Waterman v Police

Case

[2021] NZHC 3083

16 November 2021


IN THE HIGH COURT OF NEW ZEALAND INVERCARGILL REGISTRY

I TE KŌTI MATUA O AOTEAROA WAIHŌPAI ROHE

CRI-2021-425-000018

[2021] NZHC 3083

BETWEEN

JAMIE WATERMAN

Appellant

AND

NEW ZEALAND POLICE

Respondent

Hearing: 15 November 2021

Appearances:

J A T Ross for the Appellant

M B Brownlie for the Respondent

Judgment:

16 November 2021


JUDGMENT OF NATION J


Introduction

[1]    The appellant, Jamie Waterman, was sentenced by Judge Walker in the District Court to 12 months’ supervision in relation to two charges of intimidation1 and one charge of possession of an offensive weapon.2 Judge Walker made a protection order naming Mr Waterman as the respondent and his former partner (the victim) as the protected person.3 Mr Waterman appeals solely against the imposition of the protection order.


1      Summary Offences Act 1981, s 21(1)(a).

2      Crimes Act 1961, s 202A(4)(b).

3      Police v Waterman [2021] NZDC 16960.

WATERMAN v POLICE [2021] NZHC 3083 [16 November 2021]

Background

[2]    On 1 August 2021, Mr Waterman was at home with his (former) partner and grandmother. At about 1.30 pm, Mr Waterman became upset that he had broken his phone screen. He left the address for a short time to calm down. When he returned  he again became angry. He picked up a crowbar and proceeded to smash his own vehicle which was parked in the driveway. He threatened to smash partner’s vehicle and a caravan but decided not to follow through on those threats.

[3]    When the Police arrived, Mr Waterman was in the caravan with his partner. When asked to come out he was holding the crowbar. Upon seeing the Police, he put the crowbar on the ground and was placed under arrest.

District Court decision

[4]    Judge Walker canvassed the facts of the offending and referred to matters raised in the pre-sentence report before concluding that a sentence of 12 months’ supervision was appropriate in the circumstances.

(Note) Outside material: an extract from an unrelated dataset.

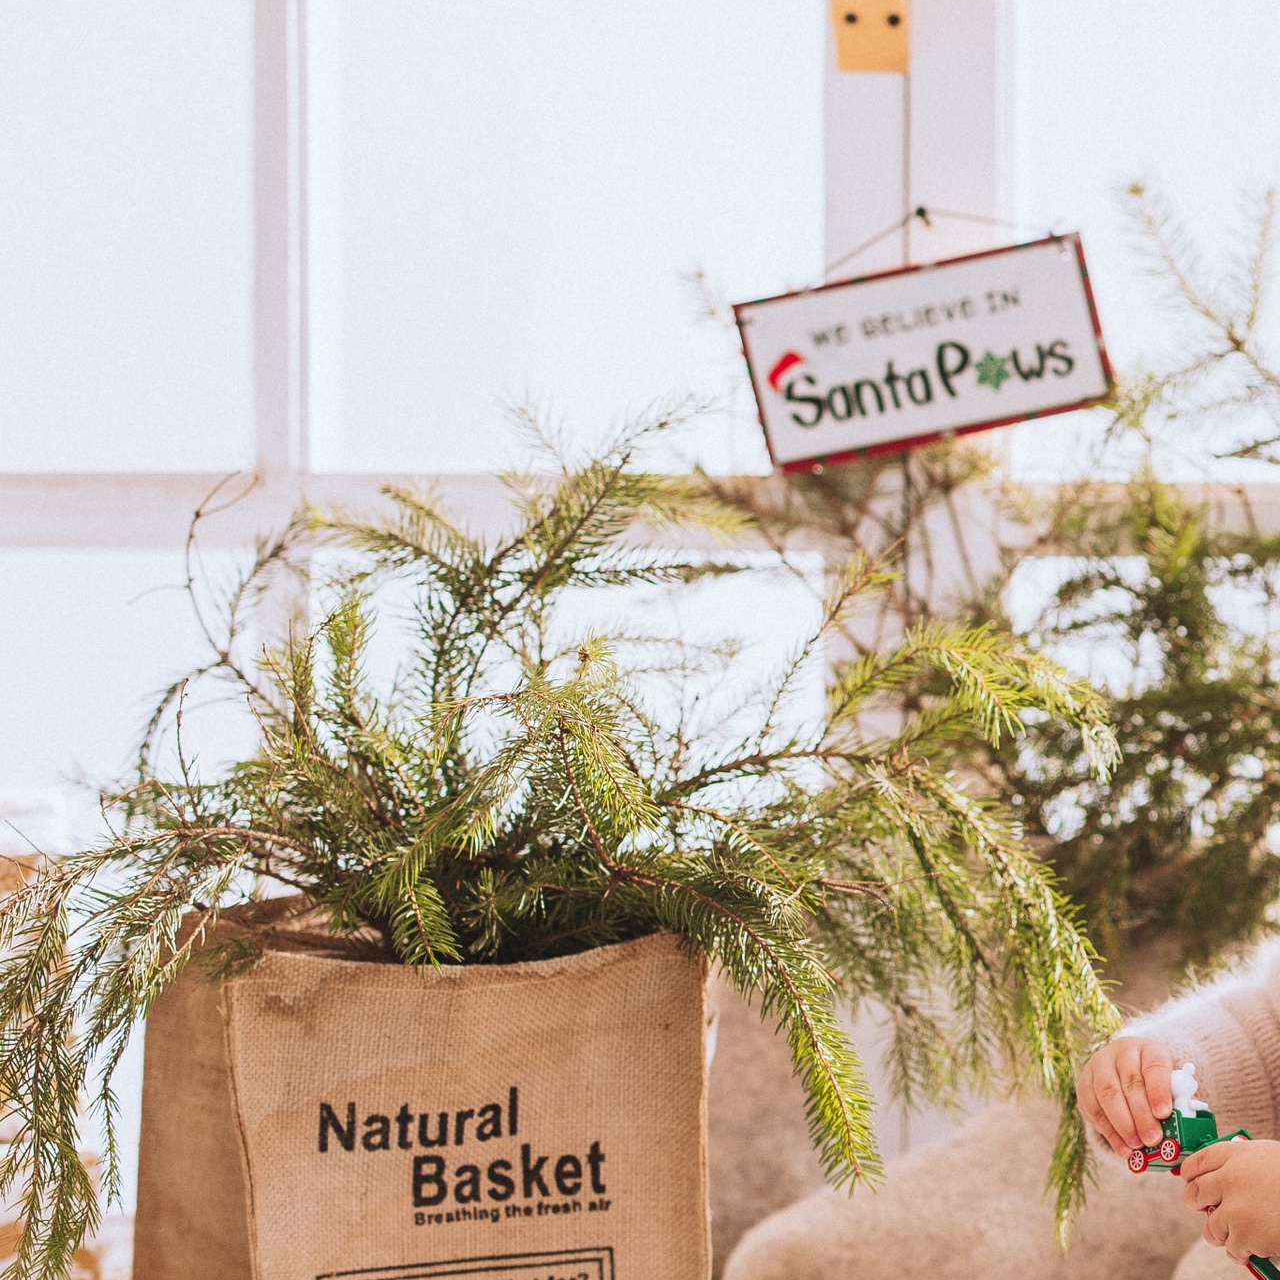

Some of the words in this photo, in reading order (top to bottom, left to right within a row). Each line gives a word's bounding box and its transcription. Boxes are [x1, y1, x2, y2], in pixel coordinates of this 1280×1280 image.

[5]    Mr Waterman opposed the application for a protection order that was sought on behalf of his former partner. The Police stated the victim had made a statement since Mr Waterman had breached bail. The Judge noted there had allegedly been another recent incident that involved Mr Waterman in further possessive and controlling behaviour. The victim’s view, that there was a difficult cocktail of issues involving Mr Waterman’s drug addiction and impulsive behaviour, was noted by the Judge.

[6]    The Judge referred to a victim impact statement from Mr Waterman’s partner where she said there was an escalation in anger and control leading up to the incident. The Judge concluded a protection order was appropriate and made that order.

Principles on appeal

[7]    Appeals against sentence are allowed as of right by s 244 of the Criminal Procedure Act 2011 and must be determined in accordance with s 250 of that Act. An appeal against sentence may only be allowed by this Court if it is satisfied there has been an error in the imposition of the sentence and that a different sentence should be

imposed.4 As the Court of Appeal mentioned in Tutakangahau v R quoting the lower court’s decision, a “court will not intervene where the sentence is within the range that can properly be justified by accepted sentencing principles”.5 It is only appropriate for this Court to intervene and substitute its own views if the sentence being appealed is “manifestly excessive” and not justified by the relevant sentencing principles.6

Submissions

Appellant’s submissions

[8]    Mr Ross, for Mr Waterman, submitted the District Court Judge failed to provide adequate reasons to support the conclusion that a protection order was necessary. It was submitted the Judge did not assess why the protection order was required moving forward.

[9]    Mr Ross submitted the Court must be satisfied that the order is necessary for the protection of the victim, which entails a future-focus inquiry. He submitted the index offending is relevant and, by itself, did not warrant a protection order. He contended the offending was at the lower end of the scale and the threat was primarily to property. Mr Ross contended it is significant that the victim did not fear for her safety.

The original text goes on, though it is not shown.